ABSTRACT

The emergence of the field of Global Mental Health (GMH) in the last ten years has had a significant influence on the orientation and development of discourses around mental health in the Global South. GMH can be conceptualised as a set of initiatives that promote the evidence-based ‘scale up’ of mental health services in the Global South, to improve human rights of people with mental health difficulties and their access to care (Jain and Orr 2016). The field emerged in the context of growing epidemiological research on the global burden of disorders, including their economic burden in treatment costs and loss of economic output, and in the context of a series of international reports on mental health provision (Desjarlais et al. 1995; Lancet Global Mental Health Group 2007; World Health Organization 2001). A key moment was the launch of the 2007 Lancet Global Mental Health series (Patel 2012), which set out an agenda for action to address the ‘burden’ of mental disorders.
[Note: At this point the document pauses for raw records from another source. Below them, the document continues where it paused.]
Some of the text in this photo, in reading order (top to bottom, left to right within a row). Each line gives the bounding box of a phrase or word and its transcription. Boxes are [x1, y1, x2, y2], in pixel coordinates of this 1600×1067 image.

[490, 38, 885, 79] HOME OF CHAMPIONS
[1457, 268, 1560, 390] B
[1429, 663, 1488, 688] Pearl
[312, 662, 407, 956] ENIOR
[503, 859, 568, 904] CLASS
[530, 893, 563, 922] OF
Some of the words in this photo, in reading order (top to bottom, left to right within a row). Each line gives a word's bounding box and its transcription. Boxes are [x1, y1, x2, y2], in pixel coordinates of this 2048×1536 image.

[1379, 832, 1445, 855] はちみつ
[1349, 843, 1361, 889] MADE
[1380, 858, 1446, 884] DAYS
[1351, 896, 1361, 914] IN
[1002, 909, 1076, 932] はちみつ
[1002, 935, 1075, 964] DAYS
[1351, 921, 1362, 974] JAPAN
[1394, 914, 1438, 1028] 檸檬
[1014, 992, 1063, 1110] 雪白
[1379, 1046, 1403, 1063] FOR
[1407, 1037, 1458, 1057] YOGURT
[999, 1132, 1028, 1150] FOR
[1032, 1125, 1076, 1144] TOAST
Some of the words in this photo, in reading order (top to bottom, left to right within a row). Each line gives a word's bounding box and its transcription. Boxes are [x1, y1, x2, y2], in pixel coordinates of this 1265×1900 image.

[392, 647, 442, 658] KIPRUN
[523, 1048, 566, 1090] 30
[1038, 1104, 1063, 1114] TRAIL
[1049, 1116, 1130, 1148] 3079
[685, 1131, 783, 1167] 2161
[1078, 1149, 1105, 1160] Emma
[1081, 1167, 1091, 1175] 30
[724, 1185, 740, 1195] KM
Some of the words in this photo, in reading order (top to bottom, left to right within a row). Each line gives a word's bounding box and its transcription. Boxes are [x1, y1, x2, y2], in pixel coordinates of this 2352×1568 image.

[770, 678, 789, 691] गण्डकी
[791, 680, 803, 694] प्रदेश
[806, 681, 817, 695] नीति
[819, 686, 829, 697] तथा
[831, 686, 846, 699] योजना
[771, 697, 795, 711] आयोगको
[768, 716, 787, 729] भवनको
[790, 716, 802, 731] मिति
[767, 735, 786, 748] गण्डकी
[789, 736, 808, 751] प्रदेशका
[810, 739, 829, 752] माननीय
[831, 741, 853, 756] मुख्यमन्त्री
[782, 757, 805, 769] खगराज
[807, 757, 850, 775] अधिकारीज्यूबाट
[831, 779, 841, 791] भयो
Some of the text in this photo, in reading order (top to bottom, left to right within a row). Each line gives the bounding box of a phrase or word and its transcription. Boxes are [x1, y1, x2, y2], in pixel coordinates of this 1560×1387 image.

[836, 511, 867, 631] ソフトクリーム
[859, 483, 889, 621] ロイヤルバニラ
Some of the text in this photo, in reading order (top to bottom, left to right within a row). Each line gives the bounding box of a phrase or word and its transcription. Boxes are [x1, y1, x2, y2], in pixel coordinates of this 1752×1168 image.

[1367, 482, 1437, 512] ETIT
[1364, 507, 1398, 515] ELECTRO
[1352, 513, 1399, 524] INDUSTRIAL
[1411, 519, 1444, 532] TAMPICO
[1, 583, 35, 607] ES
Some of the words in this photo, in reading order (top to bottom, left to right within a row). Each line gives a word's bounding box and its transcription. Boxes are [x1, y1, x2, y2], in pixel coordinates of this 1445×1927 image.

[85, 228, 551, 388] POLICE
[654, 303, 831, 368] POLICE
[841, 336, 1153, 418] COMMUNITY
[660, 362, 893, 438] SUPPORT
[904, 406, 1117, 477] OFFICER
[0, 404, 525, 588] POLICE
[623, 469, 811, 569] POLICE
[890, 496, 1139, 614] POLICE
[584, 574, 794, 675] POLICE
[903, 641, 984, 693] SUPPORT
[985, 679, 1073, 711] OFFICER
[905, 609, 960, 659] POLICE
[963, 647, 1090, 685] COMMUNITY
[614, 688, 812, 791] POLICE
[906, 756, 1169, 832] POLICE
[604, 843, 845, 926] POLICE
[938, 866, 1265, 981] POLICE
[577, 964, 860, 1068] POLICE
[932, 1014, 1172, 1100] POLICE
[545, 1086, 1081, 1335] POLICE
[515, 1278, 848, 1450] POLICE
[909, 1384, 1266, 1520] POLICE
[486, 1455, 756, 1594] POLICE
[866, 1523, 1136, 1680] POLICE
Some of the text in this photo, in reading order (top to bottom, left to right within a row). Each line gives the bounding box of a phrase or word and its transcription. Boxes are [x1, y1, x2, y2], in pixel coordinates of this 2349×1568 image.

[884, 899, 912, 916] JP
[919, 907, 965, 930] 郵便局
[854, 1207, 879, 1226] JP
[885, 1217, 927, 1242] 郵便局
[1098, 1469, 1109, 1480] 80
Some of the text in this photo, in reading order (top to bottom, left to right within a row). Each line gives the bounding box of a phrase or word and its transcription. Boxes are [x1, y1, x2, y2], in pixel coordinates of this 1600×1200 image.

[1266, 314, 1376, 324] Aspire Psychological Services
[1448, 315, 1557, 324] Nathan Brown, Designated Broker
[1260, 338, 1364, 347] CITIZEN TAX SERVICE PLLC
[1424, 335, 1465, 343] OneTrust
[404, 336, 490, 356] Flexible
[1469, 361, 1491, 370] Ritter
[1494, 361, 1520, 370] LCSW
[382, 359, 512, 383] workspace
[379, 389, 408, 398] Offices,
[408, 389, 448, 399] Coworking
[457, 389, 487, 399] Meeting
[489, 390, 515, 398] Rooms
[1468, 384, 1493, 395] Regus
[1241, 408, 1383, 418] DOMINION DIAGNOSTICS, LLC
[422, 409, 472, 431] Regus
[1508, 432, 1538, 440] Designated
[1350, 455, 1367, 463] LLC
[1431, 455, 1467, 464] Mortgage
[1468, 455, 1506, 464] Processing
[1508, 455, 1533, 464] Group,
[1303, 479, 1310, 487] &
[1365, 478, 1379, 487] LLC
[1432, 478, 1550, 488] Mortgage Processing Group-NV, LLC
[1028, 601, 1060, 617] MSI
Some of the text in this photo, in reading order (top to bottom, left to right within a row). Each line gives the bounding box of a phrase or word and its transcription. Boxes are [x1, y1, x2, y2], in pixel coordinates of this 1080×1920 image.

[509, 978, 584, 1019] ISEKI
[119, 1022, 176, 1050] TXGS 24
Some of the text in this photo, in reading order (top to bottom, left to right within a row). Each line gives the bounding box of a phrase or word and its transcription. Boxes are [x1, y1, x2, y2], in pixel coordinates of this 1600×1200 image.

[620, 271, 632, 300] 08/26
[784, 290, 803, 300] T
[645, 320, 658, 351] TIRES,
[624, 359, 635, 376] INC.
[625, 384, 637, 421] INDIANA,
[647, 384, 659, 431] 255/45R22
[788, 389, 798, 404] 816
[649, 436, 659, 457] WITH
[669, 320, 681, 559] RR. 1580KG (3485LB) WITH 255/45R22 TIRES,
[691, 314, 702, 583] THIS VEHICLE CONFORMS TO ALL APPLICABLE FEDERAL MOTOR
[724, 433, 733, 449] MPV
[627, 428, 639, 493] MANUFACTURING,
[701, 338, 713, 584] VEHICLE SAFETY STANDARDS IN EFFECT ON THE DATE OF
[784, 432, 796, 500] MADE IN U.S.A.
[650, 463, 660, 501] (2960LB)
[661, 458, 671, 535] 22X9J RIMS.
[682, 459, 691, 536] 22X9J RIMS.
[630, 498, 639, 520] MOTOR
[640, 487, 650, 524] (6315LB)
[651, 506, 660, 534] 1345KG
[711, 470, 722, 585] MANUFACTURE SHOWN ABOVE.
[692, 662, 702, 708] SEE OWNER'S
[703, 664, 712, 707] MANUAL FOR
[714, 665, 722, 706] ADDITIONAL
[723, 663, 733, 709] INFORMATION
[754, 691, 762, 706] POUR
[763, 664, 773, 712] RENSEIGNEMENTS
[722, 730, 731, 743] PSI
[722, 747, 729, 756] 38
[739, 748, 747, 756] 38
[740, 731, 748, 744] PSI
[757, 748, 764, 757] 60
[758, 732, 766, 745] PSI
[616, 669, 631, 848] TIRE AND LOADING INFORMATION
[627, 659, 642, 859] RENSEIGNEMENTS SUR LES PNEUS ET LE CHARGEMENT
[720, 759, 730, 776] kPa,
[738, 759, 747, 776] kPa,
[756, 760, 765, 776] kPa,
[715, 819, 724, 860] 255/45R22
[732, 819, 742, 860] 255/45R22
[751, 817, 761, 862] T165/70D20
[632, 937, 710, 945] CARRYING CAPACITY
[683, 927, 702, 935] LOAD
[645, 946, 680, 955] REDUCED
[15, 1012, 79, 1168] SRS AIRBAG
Linked to this was the emergence of the Movement for Global Mental Health (MGMH), driven by key architects of the Lancet series and supported by key international mental health institutions such as the Institute of Psychiatry, the London School of Hygiene and Tropical Medicine and the World Health Organization (WHO). MGMH rests on two pillars: improving access to care by closing a perceived ‘treatment gap’ between the availability of services and the number of people needing such services, and addressing the human rights of people with mental disorders (Patel 2012). MGMH encompasses a coalition of mental health professionals, policy-makers and service users and carers, and now comprises 200 institutions and 10,000 individuals.